TASK GOAL - Transcribe every entry below word for word, but skip the pictures.

:: DATA EXTRACT

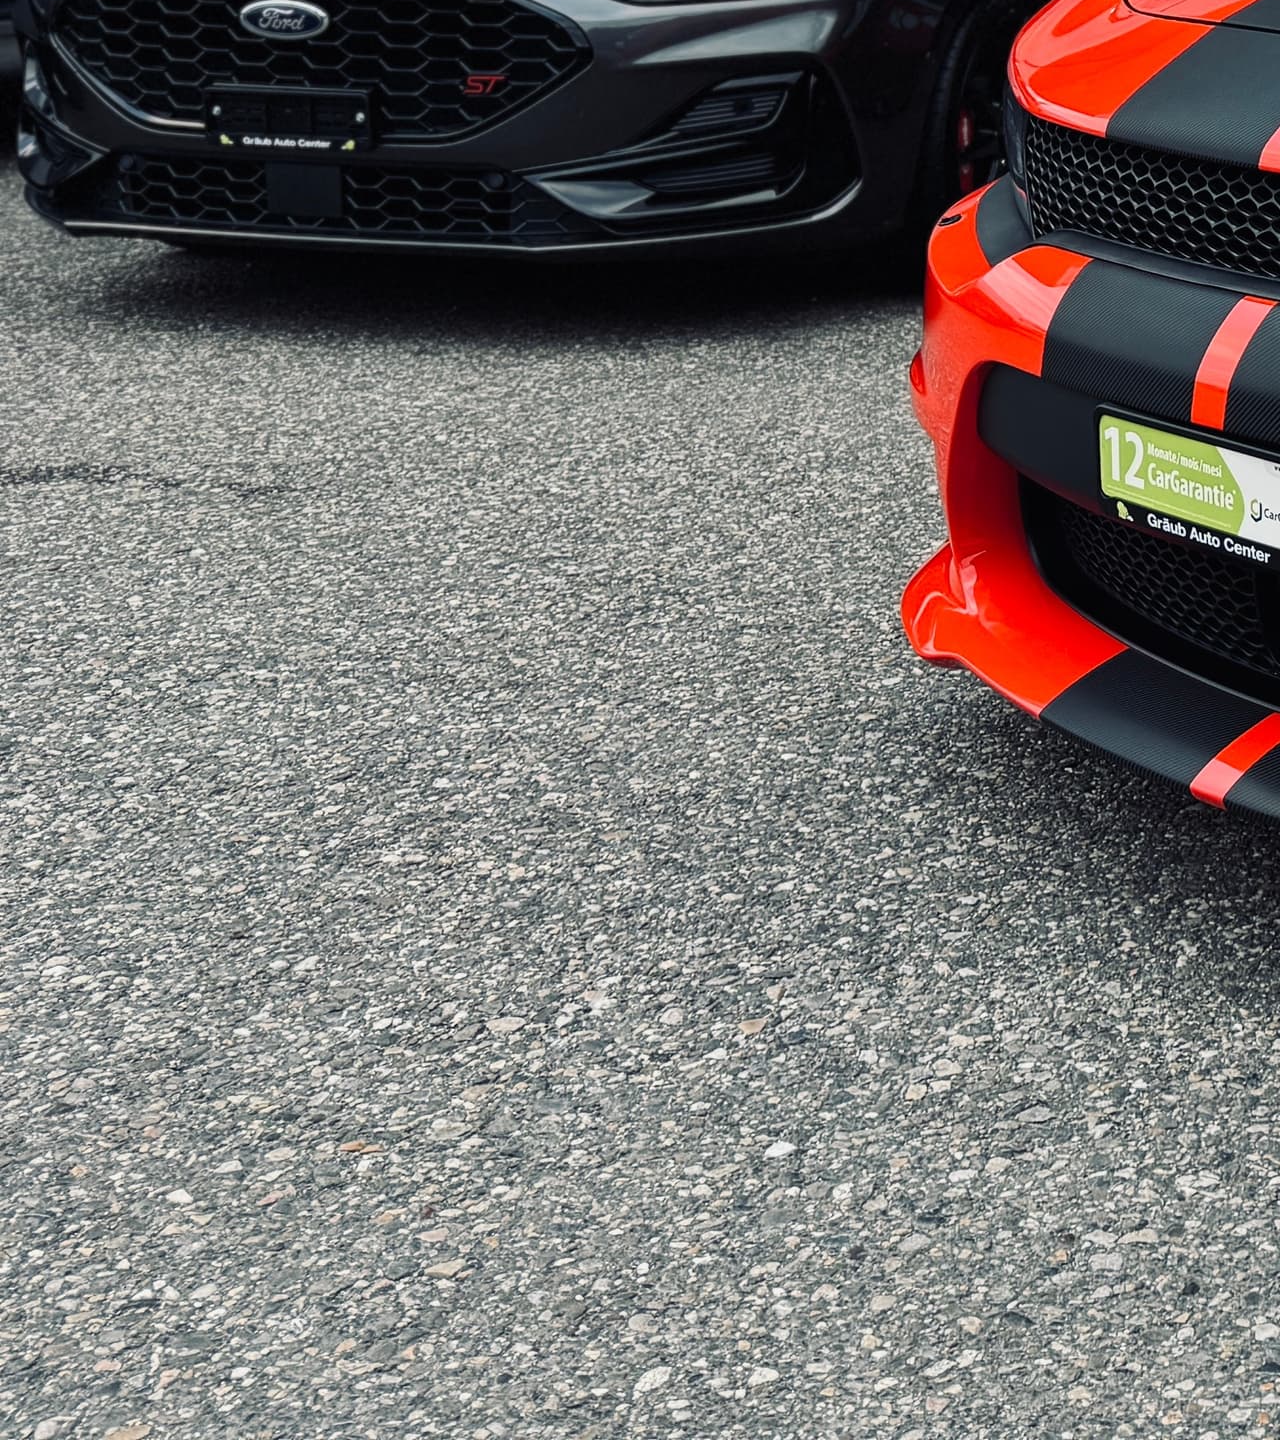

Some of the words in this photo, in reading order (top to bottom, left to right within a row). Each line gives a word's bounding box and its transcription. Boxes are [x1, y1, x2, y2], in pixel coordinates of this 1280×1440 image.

[258, 7, 306, 29] Ford
[463, 75, 507, 94] ST
[274, 138, 296, 147] Auto
[1104, 427, 1145, 490] 12
[1146, 513, 1187, 537] Gräub
[1189, 527, 1221, 548] Auto
[1223, 537, 1271, 564] Center
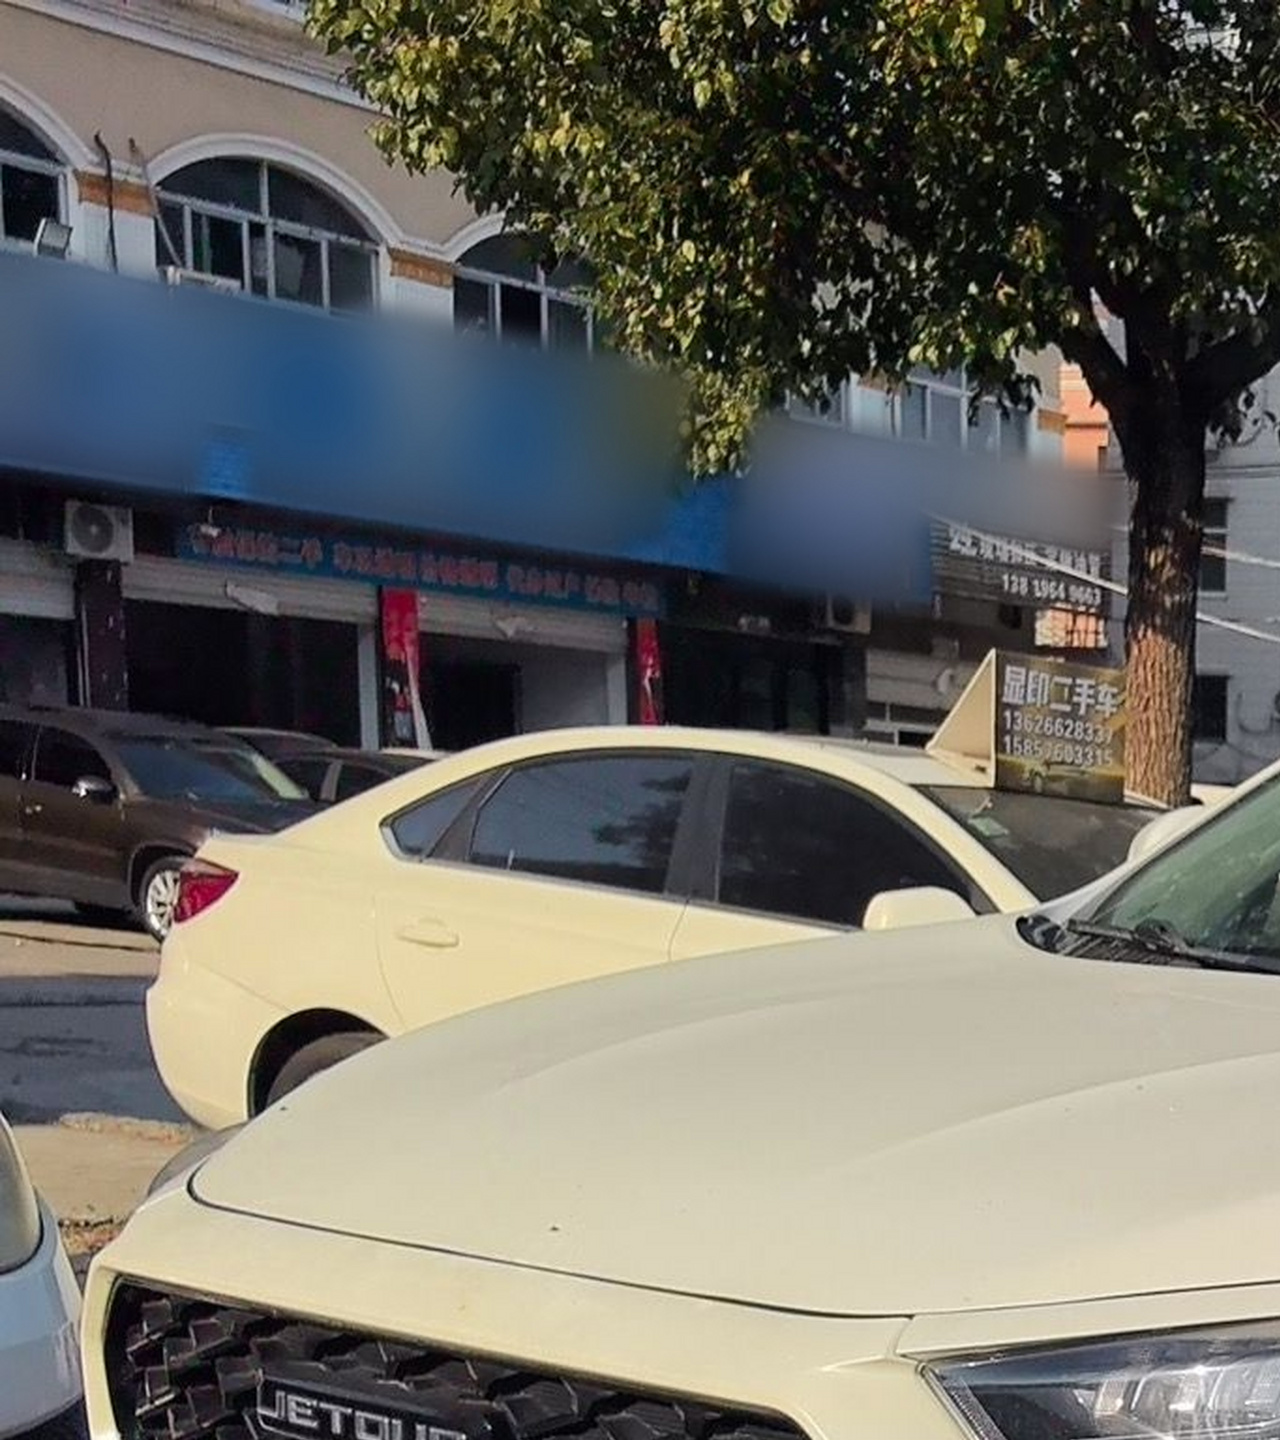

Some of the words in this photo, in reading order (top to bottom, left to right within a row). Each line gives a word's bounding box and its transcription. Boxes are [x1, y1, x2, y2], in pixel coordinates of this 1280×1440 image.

[1002, 664, 1119, 718] 显印二手车
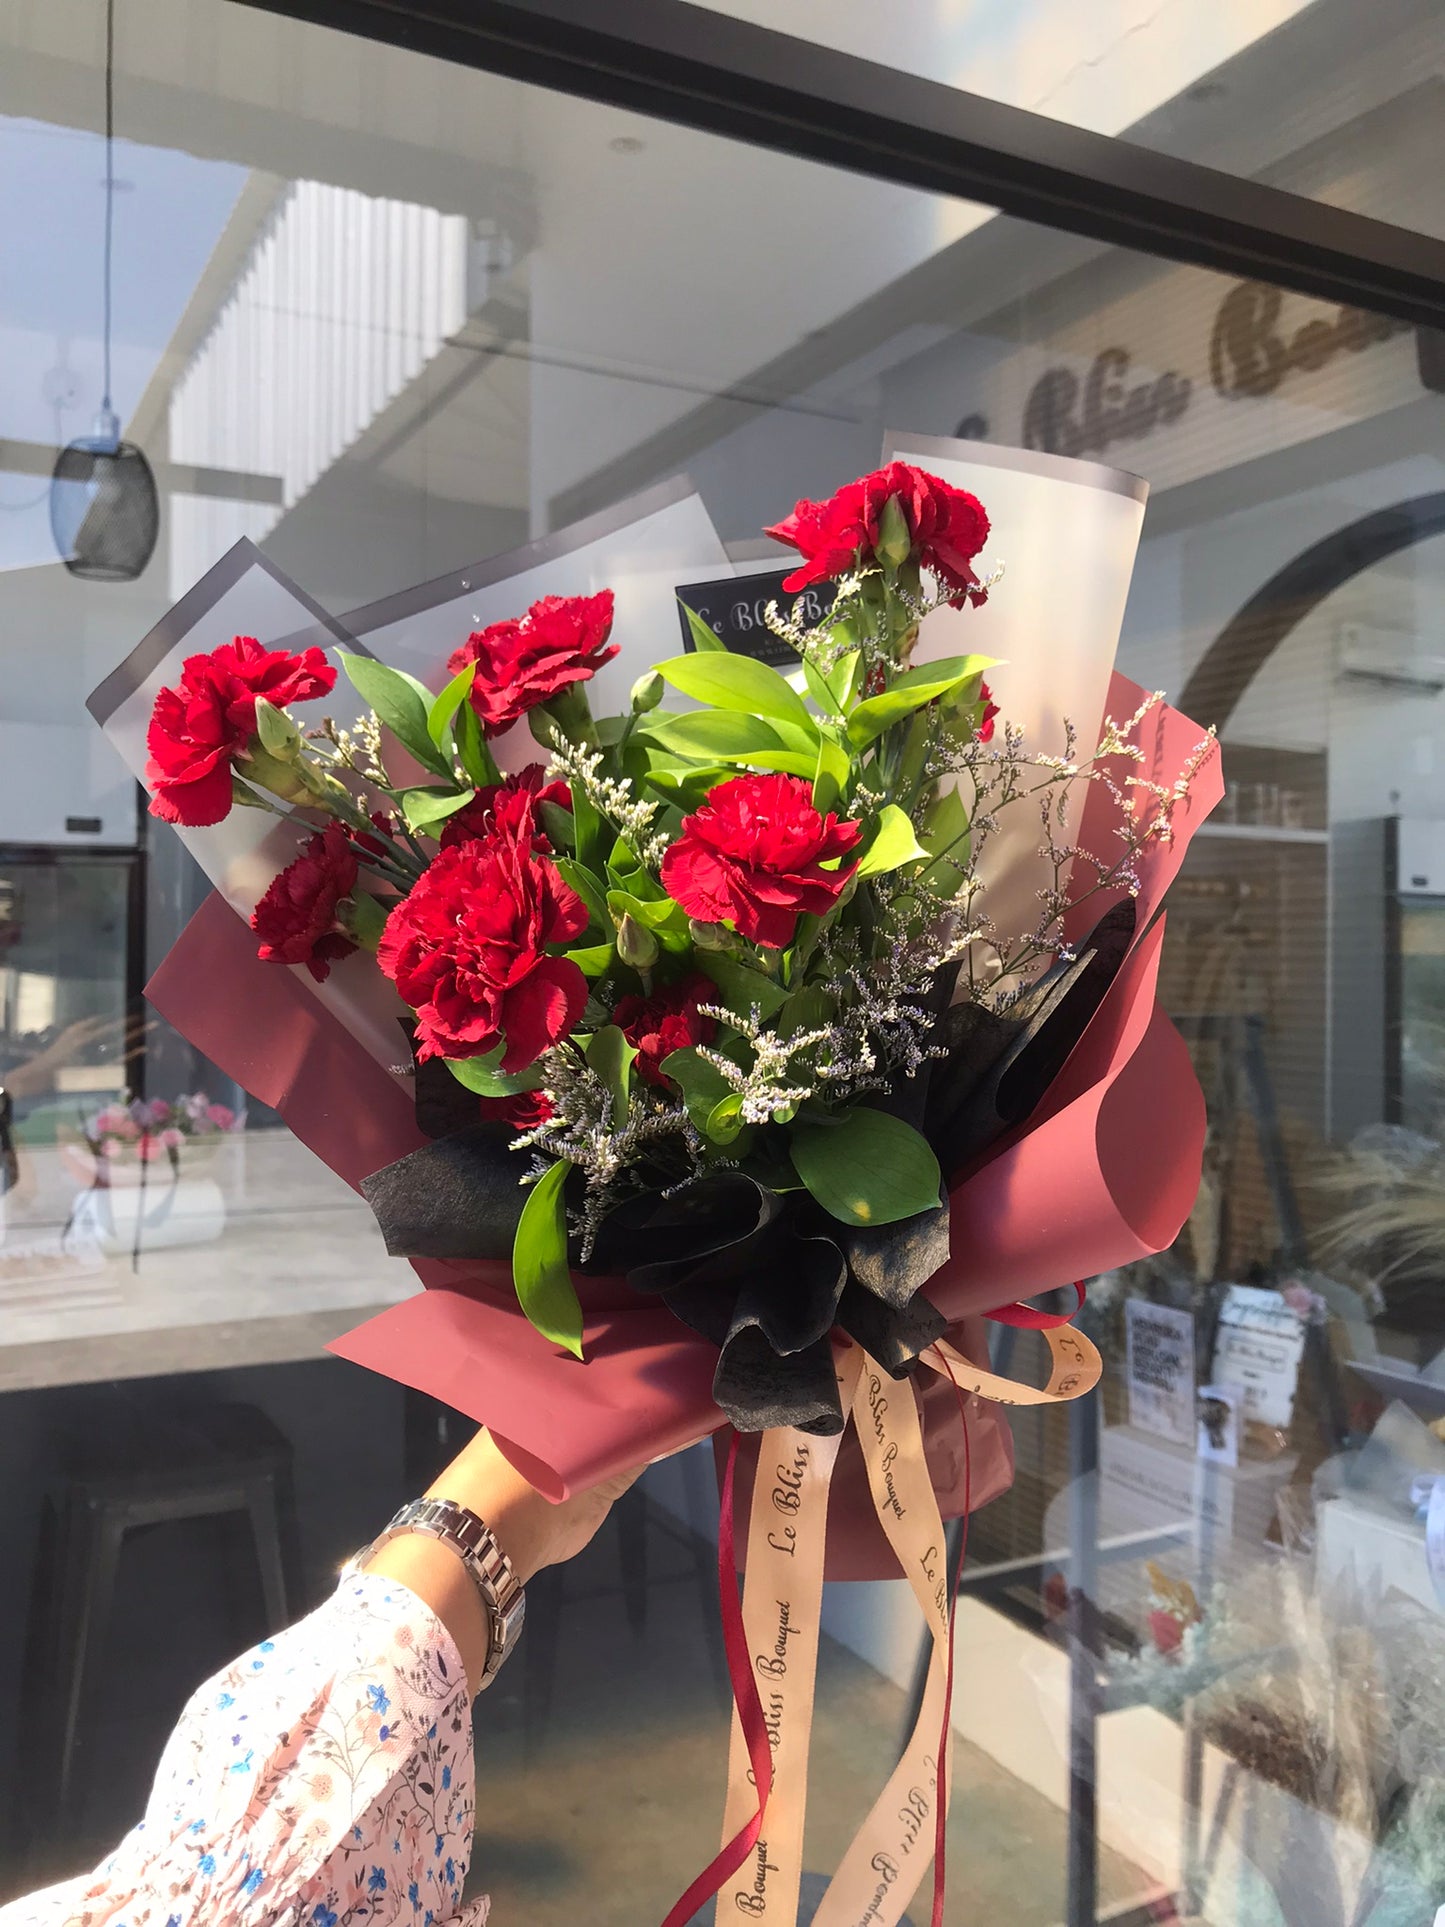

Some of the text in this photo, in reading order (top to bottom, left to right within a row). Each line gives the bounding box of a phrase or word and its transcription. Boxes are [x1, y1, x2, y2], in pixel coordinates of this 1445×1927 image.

[767, 1442, 809, 1557] Le Bliss
[882, 1442, 906, 1520] Bouquet
[920, 1546, 937, 1583] Le
[756, 1600, 801, 1681] Bouquet
[735, 1840, 780, 1919] Bouquet

::::

EXERCISE ANSWER -
Some of the words in this photo, in reading order (top to bottom, left to right within a row). Each line gives a word's bounding box and its transcription. Boxes are [x1, y1, x2, y2], in pixel coordinates of this 1280×1440 image.

[258, 7, 306, 29] Ford
[463, 75, 507, 94] ST
[274, 138, 296, 147] Auto
[1104, 427, 1145, 490] 12
[1146, 513, 1187, 537] Gräub
[1189, 527, 1221, 548] Auto
[1223, 537, 1271, 564] Center

Some of the words in this photo, in reading order (top to bottom, left to right within a row). Each line gives a word's bounding box and its transcription. Boxes are [x1, y1, x2, y2], in pixel coordinates of this 1280×1440 image.

[1002, 664, 1119, 718] 显印二手车

Some of the text in this photo, in reading order (top to bottom, left to right within a row). Each line gives the bounding box of a phrase or word and its transcription. Boxes are [x1, y1, x2, y2], in pixel coordinates of this 1445×1927 image.

[767, 1442, 809, 1557] Le Bliss
[882, 1442, 906, 1520] Bouquet
[920, 1546, 937, 1583] Le
[756, 1600, 801, 1681] Bouquet
[735, 1840, 780, 1919] Bouquet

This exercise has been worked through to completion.